Repetitive strain injuries linked to the use of personal computers (PCs) are attributed to the awkward positions both the keyboard and mouse force the hand into. Revamping the two types of input devices has been tried time and again, with varying results. In the case of the mouse, a workable alternative is the pen-shaped input device. One version developed by engineers at Kanitech International (Kolding, Denmark) designs the pen around a vertical-cavity surface-emitting laser (VCSEL).
The group wanted to develop a low-cost—yet precise—system that could probe the rotation in two directions of a 4-mm-diameter ball placed in the tip of the pen. Several possibilities were considered, including marking of the ball and magnetic recording and readout. These avenues all suffered from shortcomings such as a lack of precision, high cost, or excessive power consumption. The last was an especially important issue, as a pen-shaped input device should be cordless and have a power consumption of less than 80 mW when operating.
Researchers at Risø National Laboratory (Roskilde, Denmark) have been working with dedicated laser-based systems for probing torsional vibrations, intending to use them for process monitoring of rotating machinery. These systems rely on laser diodes that are large and costly and consume too much power. Experiments showed that VCSELs are able to create speckles with a very high contrast; this combined with the affordable price and the low angle of divergence for the output beam make them advantageous for this application—and for pen-based input devices as well.
The pen developed by Kanitech—now commercially introduced—contains an optical system and a printed-circuit board with two application-specific integrated circuits (ASICs) that perform the necessary signal processing and transmission to the PC via the penholder (see figure). With a diameter of 5 mm, the optical unit contains a 300 × 300-µm VCSEL without external collimating optics, as well as two sets of orthogonally placed double detectors 60 µm × 1.5 mm in size. The semireflecting steel ball is located a distance of 7 mm from the optical unit.

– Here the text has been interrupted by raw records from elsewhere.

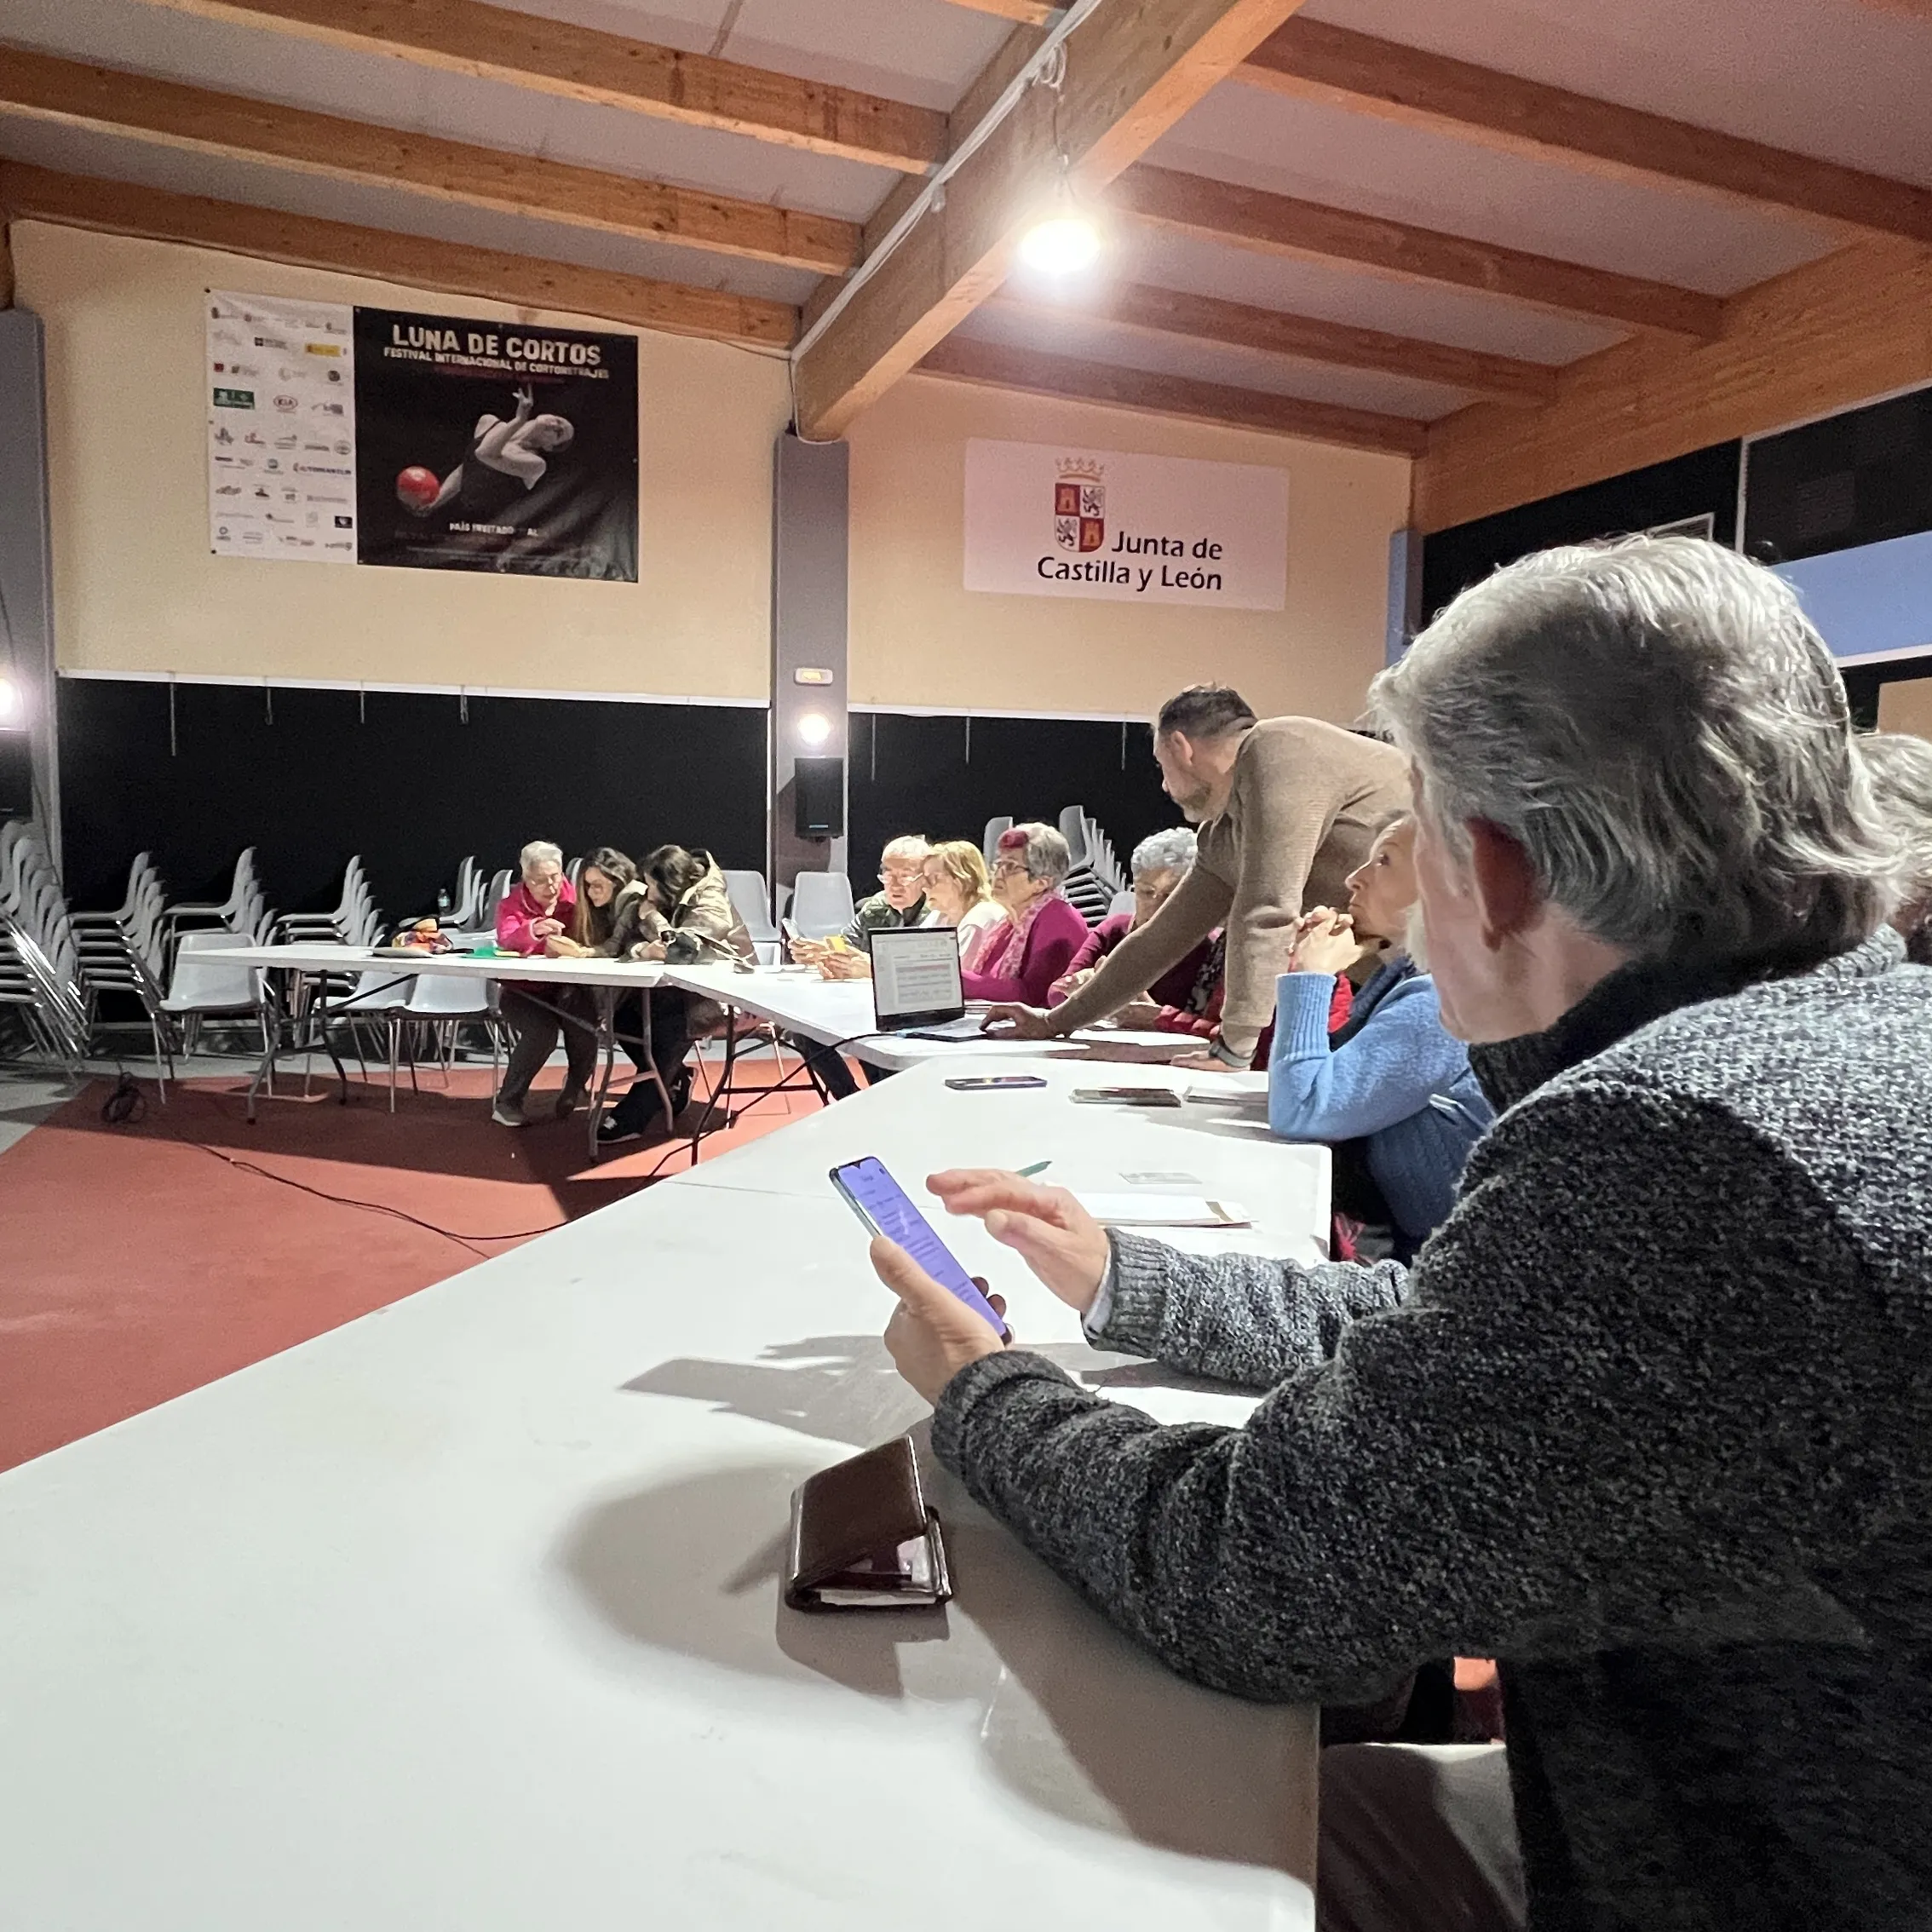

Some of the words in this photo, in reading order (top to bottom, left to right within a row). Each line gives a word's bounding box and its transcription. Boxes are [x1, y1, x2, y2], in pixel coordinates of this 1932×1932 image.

[383, 347, 432, 361] FESTIVAL
[515, 361, 527, 371] DE
[393, 325, 460, 351] LUNA
[468, 333, 498, 355] DE
[506, 337, 601, 365] CORTOS
[1112, 531, 1184, 557] Junta
[1192, 538, 1222, 560] de
[1037, 556, 1130, 584] Castilla
[1136, 568, 1153, 592] y
[1160, 565, 1222, 590] León

As the ball rotates, a speckle pattern moves across the two detector pairs, each of which captures the movement perpendicular to its main axis. The number of speckles crossing a detector reflects one component of the displacement of the pen tip, and the sequence in which the speckles traverse the two adjacent detectors in a pair reveals the direction of motion.

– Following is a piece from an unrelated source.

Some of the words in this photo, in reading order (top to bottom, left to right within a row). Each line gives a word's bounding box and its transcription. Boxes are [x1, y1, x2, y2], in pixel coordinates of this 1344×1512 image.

The electronic processing is performed by a dedicated ASIC; the x and y counts with directional information are transferred to a transmitter ASIC that sends the information along at an update rate of 40 Hz. To fully benefit from the freedom of using a pen, a pattern-recognition system in the device driver can identify PC commands drawn with the pen.

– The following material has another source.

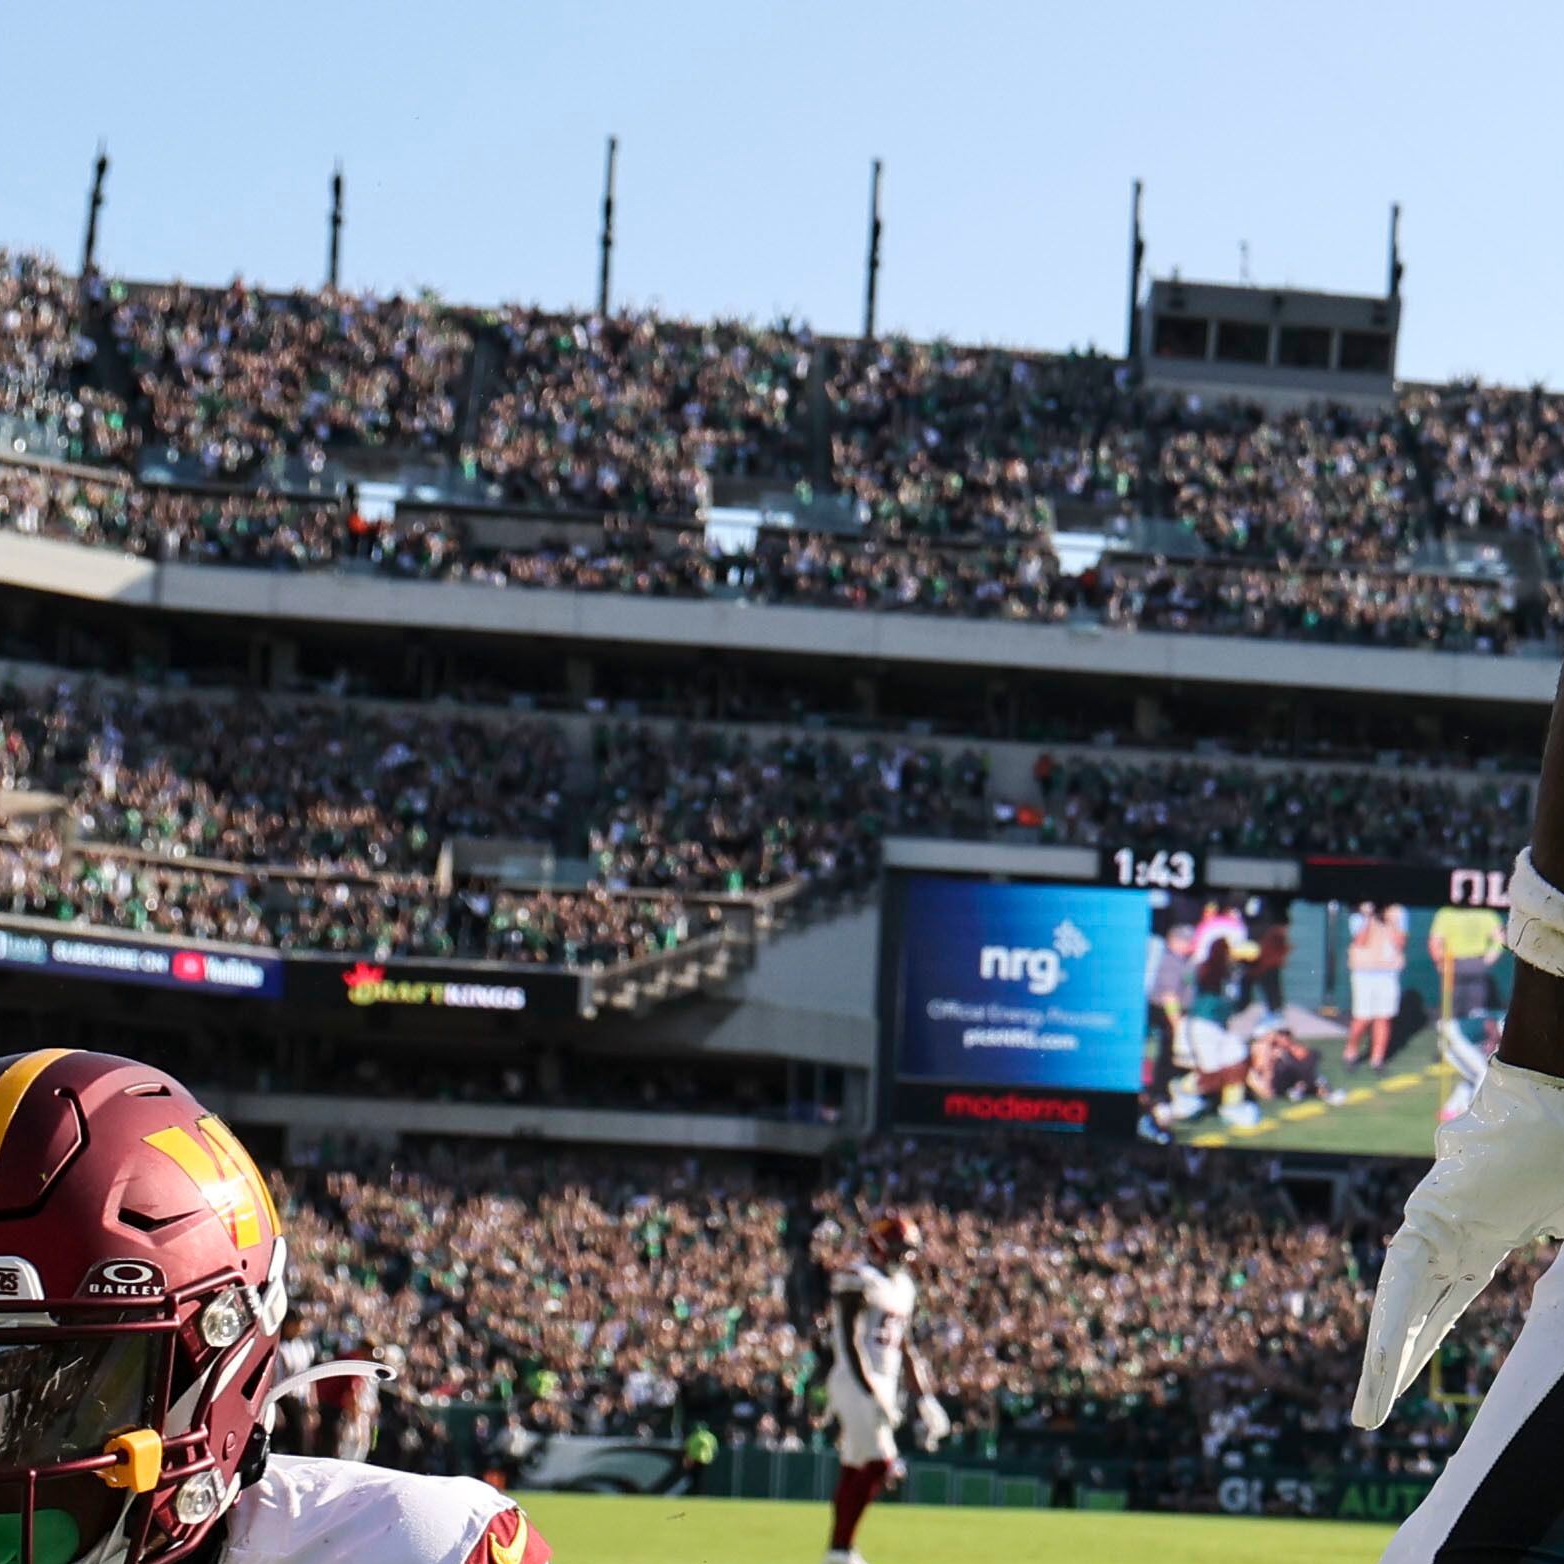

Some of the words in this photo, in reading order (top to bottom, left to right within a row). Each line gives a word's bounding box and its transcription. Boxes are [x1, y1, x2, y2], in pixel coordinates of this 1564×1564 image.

[1114, 847, 1195, 889] 1:43
[980, 945, 1061, 995] nrg
[943, 1091, 1091, 1123] moderna
[88, 1284, 163, 1296] OAKLEY

The technology may find use elsewhere also, according to Steen Hanson, head of the research program on optical diagnostics and information processing at Risø National Laboratory. "An urgent need for noncontact displacement sensors in industry may be fulfilled by combining VCSELs with miniaturized optical components, either refractive or diffractive type. In addition, low-cost detector arrays with on-board processors may join in and expand the possibilities even further," he says.